As mentioned above, “[p]rosecutors may ․ create a scenario of the crime committed as long as the record contains sufficient evidence from which the scenario is reasonably inferable.” Frye, 341 N.C. at 498 (citation omitted).
When explaining our statutory rape statute and specifically how the statute does not require the emission of semen, the prosecutor argued:
Remember [when] [the victim] said [Defendant] would go into the bathroom after [the sexual abuse]? I submit to you that that's [why] [Defendant] was going in the bathroom because he would be in there for a while.
He'd get started with [the victim], get to the point where he needed to stop and not fully penetrate her, and he would go into the bathroom and finish the job.

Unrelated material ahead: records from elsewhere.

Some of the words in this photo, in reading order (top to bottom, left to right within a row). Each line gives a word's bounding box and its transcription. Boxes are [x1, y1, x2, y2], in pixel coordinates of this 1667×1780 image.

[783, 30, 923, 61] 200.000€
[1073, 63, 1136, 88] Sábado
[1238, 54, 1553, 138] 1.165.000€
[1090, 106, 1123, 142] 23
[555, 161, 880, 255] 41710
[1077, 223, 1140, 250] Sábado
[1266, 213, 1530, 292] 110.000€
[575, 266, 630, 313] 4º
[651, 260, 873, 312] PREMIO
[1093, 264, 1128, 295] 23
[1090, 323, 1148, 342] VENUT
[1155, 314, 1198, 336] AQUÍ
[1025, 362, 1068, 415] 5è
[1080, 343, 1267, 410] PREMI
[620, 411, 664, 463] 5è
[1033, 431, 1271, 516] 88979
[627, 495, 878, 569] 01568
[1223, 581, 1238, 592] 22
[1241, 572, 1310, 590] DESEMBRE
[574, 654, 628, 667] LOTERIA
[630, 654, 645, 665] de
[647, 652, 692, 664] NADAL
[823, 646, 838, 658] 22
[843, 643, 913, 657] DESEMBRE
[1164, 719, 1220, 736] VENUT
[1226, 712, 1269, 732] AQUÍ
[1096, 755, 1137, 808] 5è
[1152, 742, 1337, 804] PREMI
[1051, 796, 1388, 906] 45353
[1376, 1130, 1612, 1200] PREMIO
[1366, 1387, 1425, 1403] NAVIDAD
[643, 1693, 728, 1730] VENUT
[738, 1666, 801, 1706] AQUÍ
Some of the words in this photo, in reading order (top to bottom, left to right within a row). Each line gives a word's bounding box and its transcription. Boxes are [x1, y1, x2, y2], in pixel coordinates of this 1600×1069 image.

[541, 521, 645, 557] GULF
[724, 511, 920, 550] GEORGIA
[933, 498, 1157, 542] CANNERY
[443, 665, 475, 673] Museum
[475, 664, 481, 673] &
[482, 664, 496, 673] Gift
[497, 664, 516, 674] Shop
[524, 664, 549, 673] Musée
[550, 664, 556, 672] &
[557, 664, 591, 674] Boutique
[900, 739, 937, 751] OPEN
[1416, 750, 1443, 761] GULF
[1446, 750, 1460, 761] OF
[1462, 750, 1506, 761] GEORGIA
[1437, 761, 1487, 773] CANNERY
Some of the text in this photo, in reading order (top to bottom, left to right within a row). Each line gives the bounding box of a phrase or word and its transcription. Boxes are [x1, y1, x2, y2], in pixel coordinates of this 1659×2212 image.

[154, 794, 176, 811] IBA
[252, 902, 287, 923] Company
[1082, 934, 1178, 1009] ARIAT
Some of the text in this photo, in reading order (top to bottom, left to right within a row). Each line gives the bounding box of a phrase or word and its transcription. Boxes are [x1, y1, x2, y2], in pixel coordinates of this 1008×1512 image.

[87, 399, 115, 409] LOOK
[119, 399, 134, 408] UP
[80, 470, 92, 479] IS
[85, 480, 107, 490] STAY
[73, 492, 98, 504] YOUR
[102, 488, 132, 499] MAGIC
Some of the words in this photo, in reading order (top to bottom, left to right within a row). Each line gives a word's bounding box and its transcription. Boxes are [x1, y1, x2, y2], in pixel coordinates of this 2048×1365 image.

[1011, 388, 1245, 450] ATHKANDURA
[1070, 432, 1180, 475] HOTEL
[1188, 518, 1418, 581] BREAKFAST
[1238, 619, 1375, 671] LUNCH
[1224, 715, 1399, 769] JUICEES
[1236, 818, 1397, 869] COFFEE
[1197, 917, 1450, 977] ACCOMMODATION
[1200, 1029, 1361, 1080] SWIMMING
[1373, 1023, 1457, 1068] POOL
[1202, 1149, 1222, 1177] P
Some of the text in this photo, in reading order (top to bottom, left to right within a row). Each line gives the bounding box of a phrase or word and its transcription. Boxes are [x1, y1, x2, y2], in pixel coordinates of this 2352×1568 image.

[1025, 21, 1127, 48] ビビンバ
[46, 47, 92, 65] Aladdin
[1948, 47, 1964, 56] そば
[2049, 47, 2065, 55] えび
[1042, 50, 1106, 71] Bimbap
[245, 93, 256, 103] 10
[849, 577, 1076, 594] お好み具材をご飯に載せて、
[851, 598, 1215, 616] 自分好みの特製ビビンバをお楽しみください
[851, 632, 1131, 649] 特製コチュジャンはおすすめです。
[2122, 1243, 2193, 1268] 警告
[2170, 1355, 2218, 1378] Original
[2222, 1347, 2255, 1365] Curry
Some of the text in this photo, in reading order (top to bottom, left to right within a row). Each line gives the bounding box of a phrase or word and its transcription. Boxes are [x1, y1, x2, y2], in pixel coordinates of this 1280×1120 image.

The victim testified that after Defendant would attempt to penetrate the victim, Defendant would leave the victim and her sisters’ bedroom to go into the bathroom before going back into his own room. Although the victim testified she did not hear what Defendant did while in the bathroom, she testified Defendant “was in there for a while.” Also, at no point did the victim testify that Defendant ejaculated while sexually abusing her, but rather that Defendant would eventually leave after the victim began to resist the abuse. Considering these facts together, it could be reasonably inferred that, following the sexual abuse of the victim, Defendant masturbated in the bathroom. The reasonableness of this inference can be seen by the fact that Defendant's counsel came to a similar conclusion when attempting to undermine the State's investigatory steps during closing arguments:
It could have been easy to get a search warrant to search [Defendant's] apartment to see if there was anything there.
․
If a person had engaged in the sexual activity that's alleged here, it's likely, or I would contend that it's likely that if a search warrant was executed, you might be able to find some evidence of a person cleaning up after that sexual activity, trying to clean themselves off.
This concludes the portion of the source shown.